All of these Vaporview-specific WCP methods follow the same transport and request/response structure as the standard WCP commands and respect the optional uri parameter described above.


Events

The WCP server broadcasts events to all connected clients. Events are JSON messages with type: "event" and do not have an id field (unlike command responses).

waveform_loaded Event

The waveform_loaded event is sent when a waveform document finishes loading. This event is fired by the following commands:

  • load – After the waveform file is fully loaded
  • reload – After the document is reloaded and ready
  • open_document – After the waveform file is fully loaded

Event Format:

{
  "type": "event",
  "event": "waveform_loaded",
  "uri": "file:///path/to/waveform.vcd"
}

Important Notes:

  • The load, reload, and open_document commands return an ack response immediately if the file is found (per WCP specification).
  • The waveform_loaded event is sent asynchronously when loading completes.
  • Clients should set up event listeners before sending these commands to avoid missing the event due to race conditions.
  • The server preserves the exact URI format from the input parameter.
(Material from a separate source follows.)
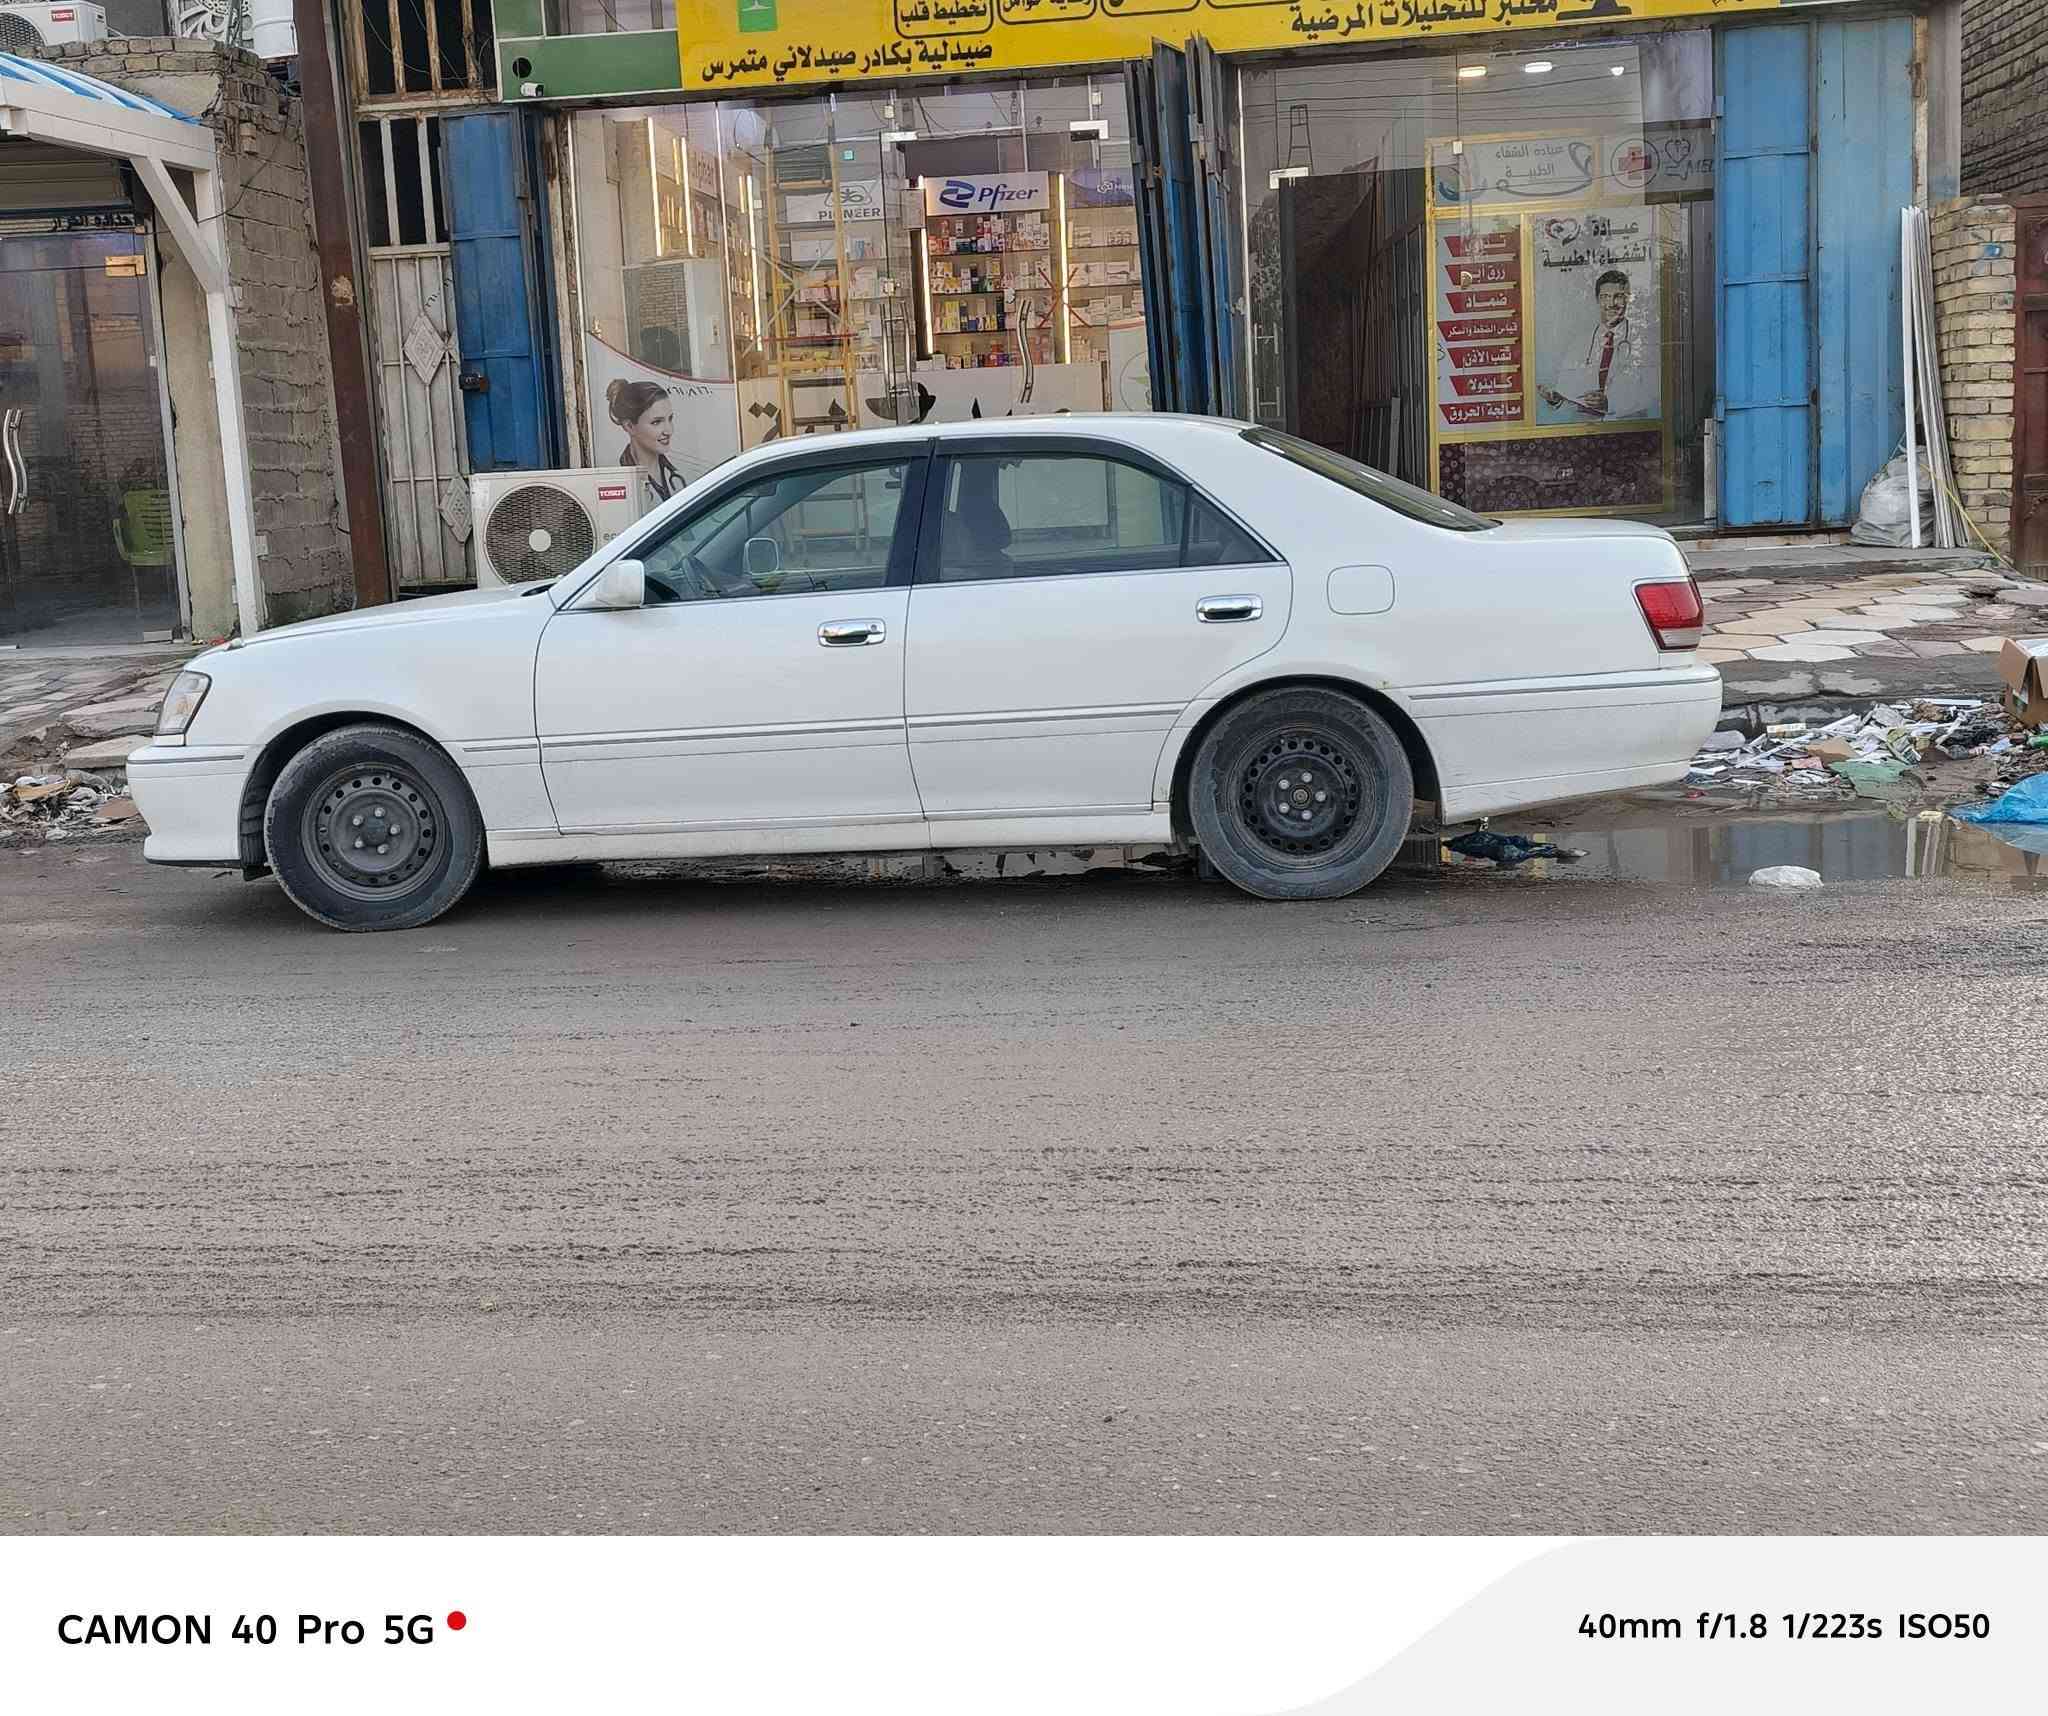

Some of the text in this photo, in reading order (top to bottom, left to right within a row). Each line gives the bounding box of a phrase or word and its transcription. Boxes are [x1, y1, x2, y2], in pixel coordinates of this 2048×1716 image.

The uri field in both the ack response and the waveform_loaded event will match the URI format that was sent in the command.
  • Clients should wait for the exact URI they sent in the command (e.g., if you send /path/to/file.vcd, wait for /path/to/file.vcd; if you send file:///path/to/file.vcd, wait for file:///path/to/file.vcd).
  • Clients can filter events by URI to wait for a specific document to load.